## [Data to process]
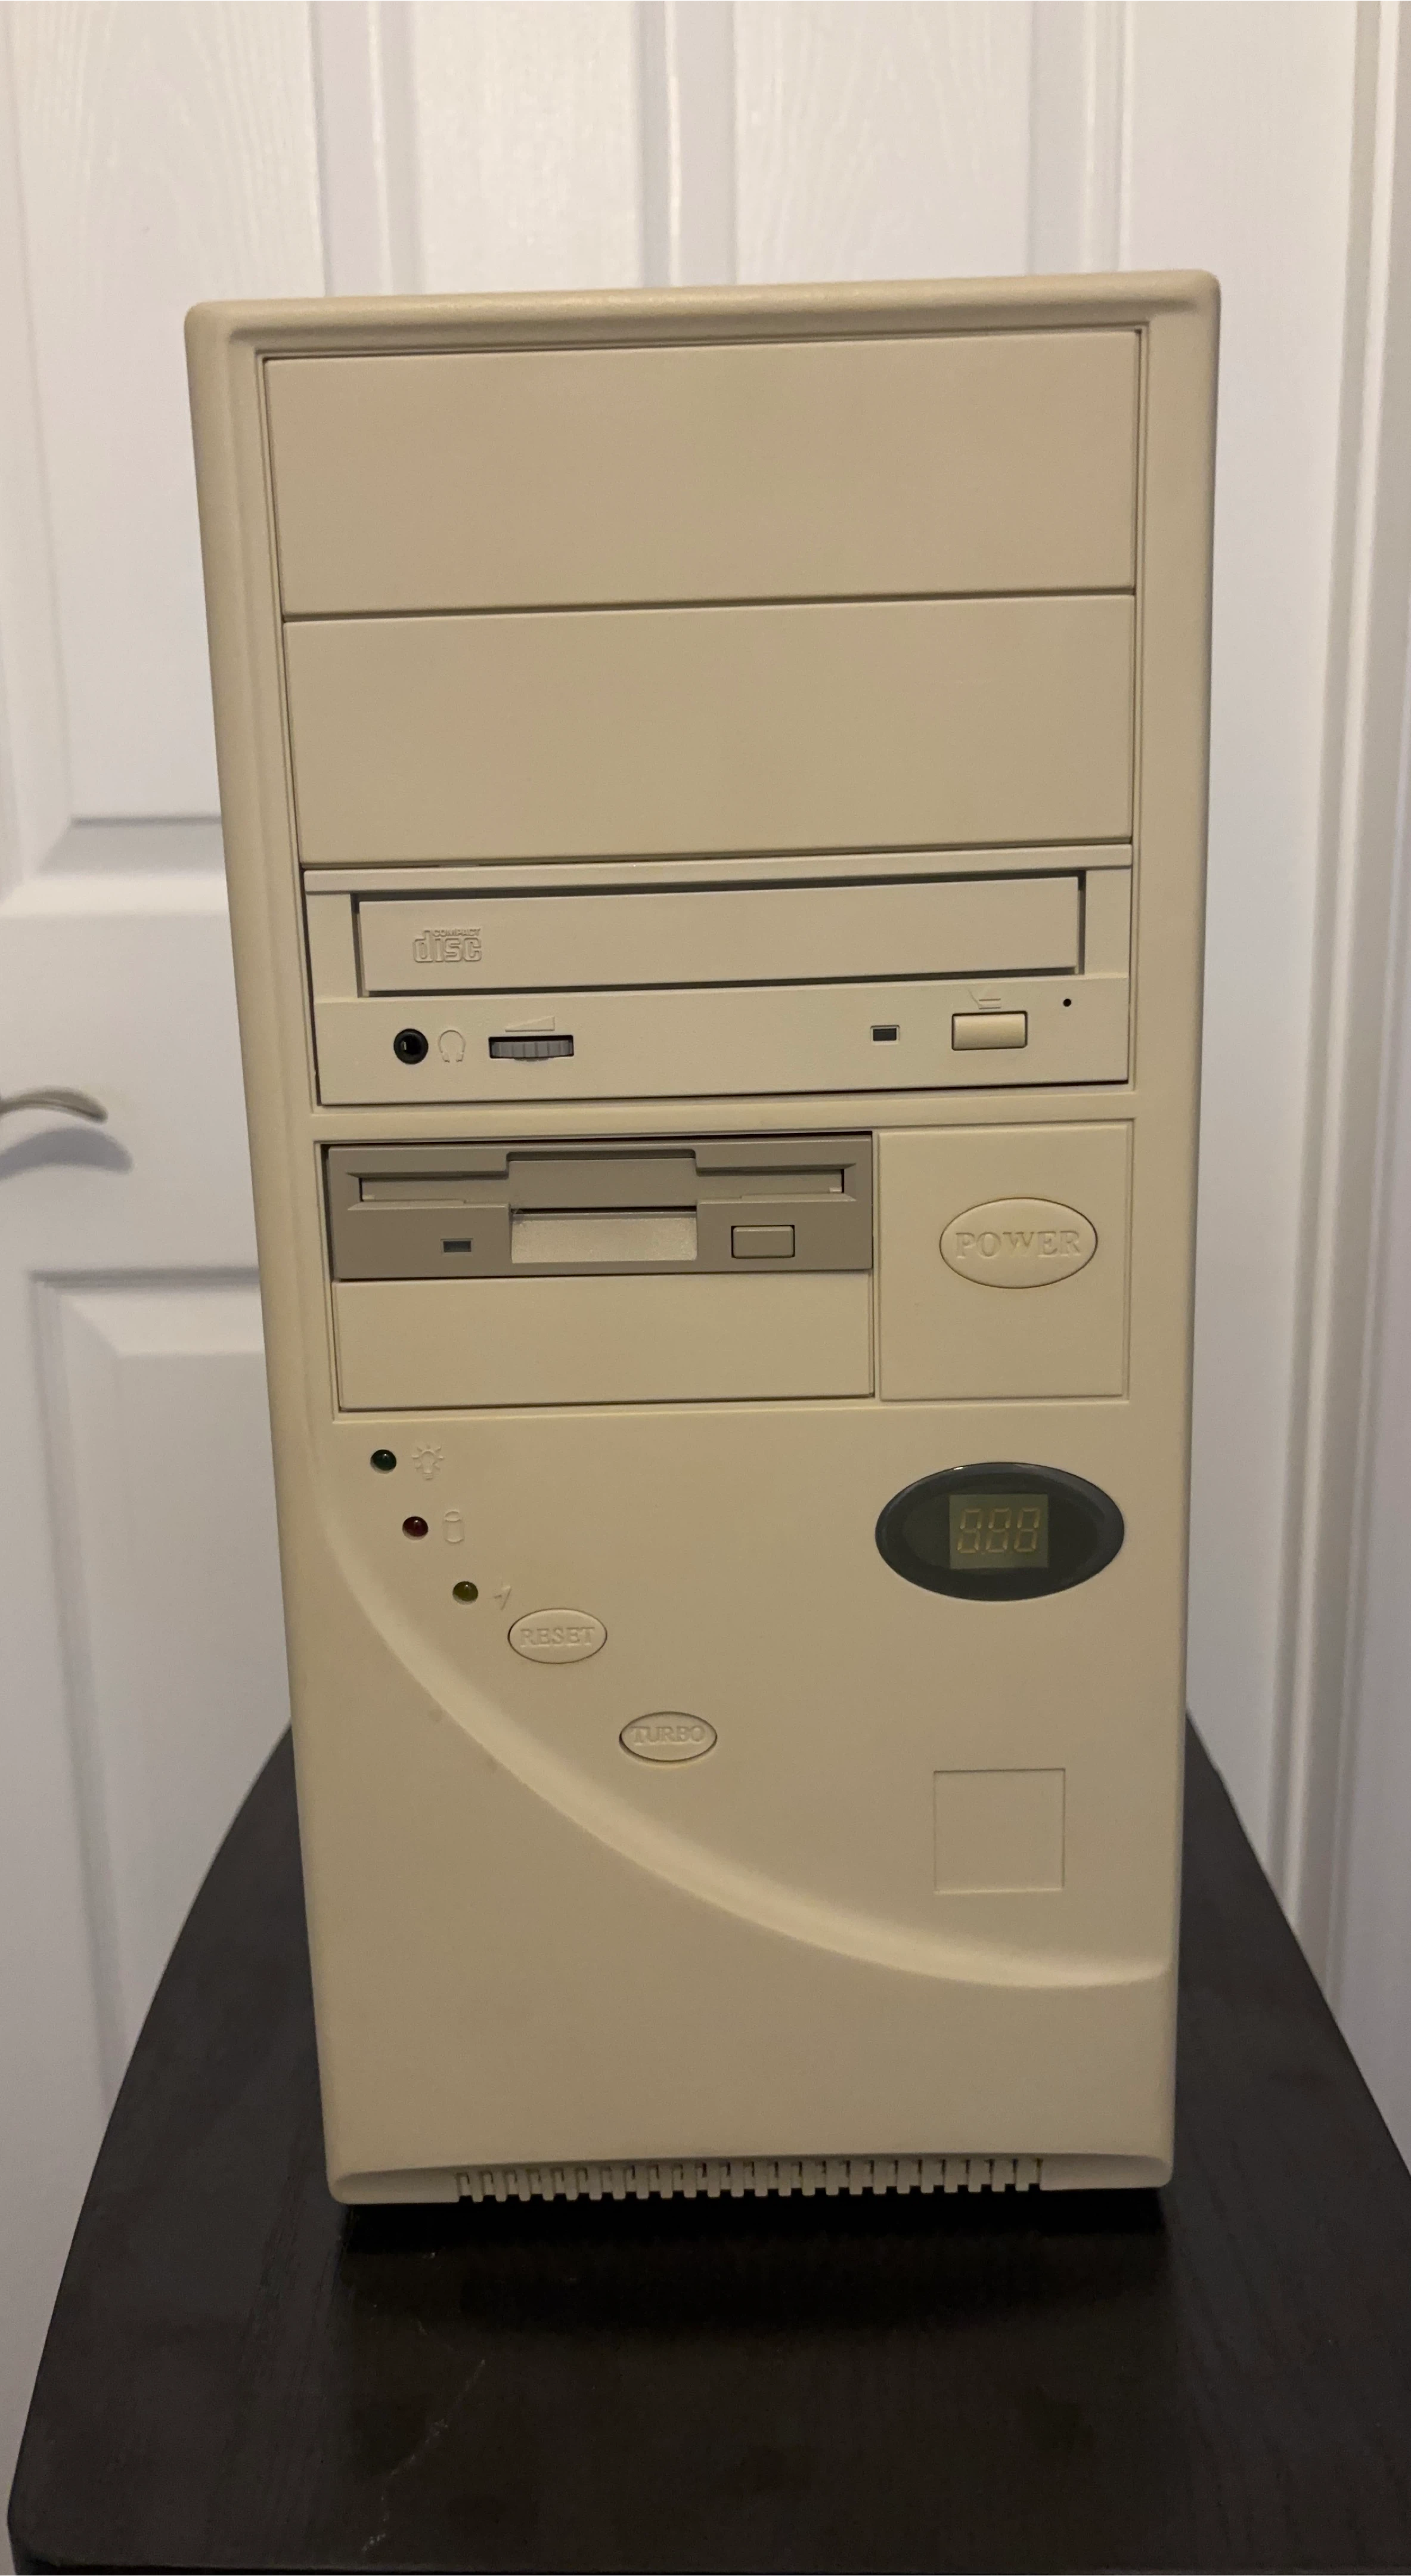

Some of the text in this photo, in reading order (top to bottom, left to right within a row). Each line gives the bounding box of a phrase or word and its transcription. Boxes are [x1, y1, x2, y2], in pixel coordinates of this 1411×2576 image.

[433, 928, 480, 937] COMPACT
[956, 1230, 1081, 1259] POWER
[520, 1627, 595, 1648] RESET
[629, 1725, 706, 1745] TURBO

## [Exercise aim]
Produce an exact copy of the records above, leaving out the pictures.

## [Your solution]
Some of the text in this photo, in reading order (top to bottom, left to right within a row). Each line gives the bounding box of a phrase or word and its transcription. Boxes are [x1, y1, x2, y2], in pixel coordinates of this 1411×2576 image.

[433, 928, 480, 937] COMPACT
[956, 1230, 1081, 1259] POWER
[520, 1627, 595, 1648] RESET
[629, 1725, 706, 1745] TURBO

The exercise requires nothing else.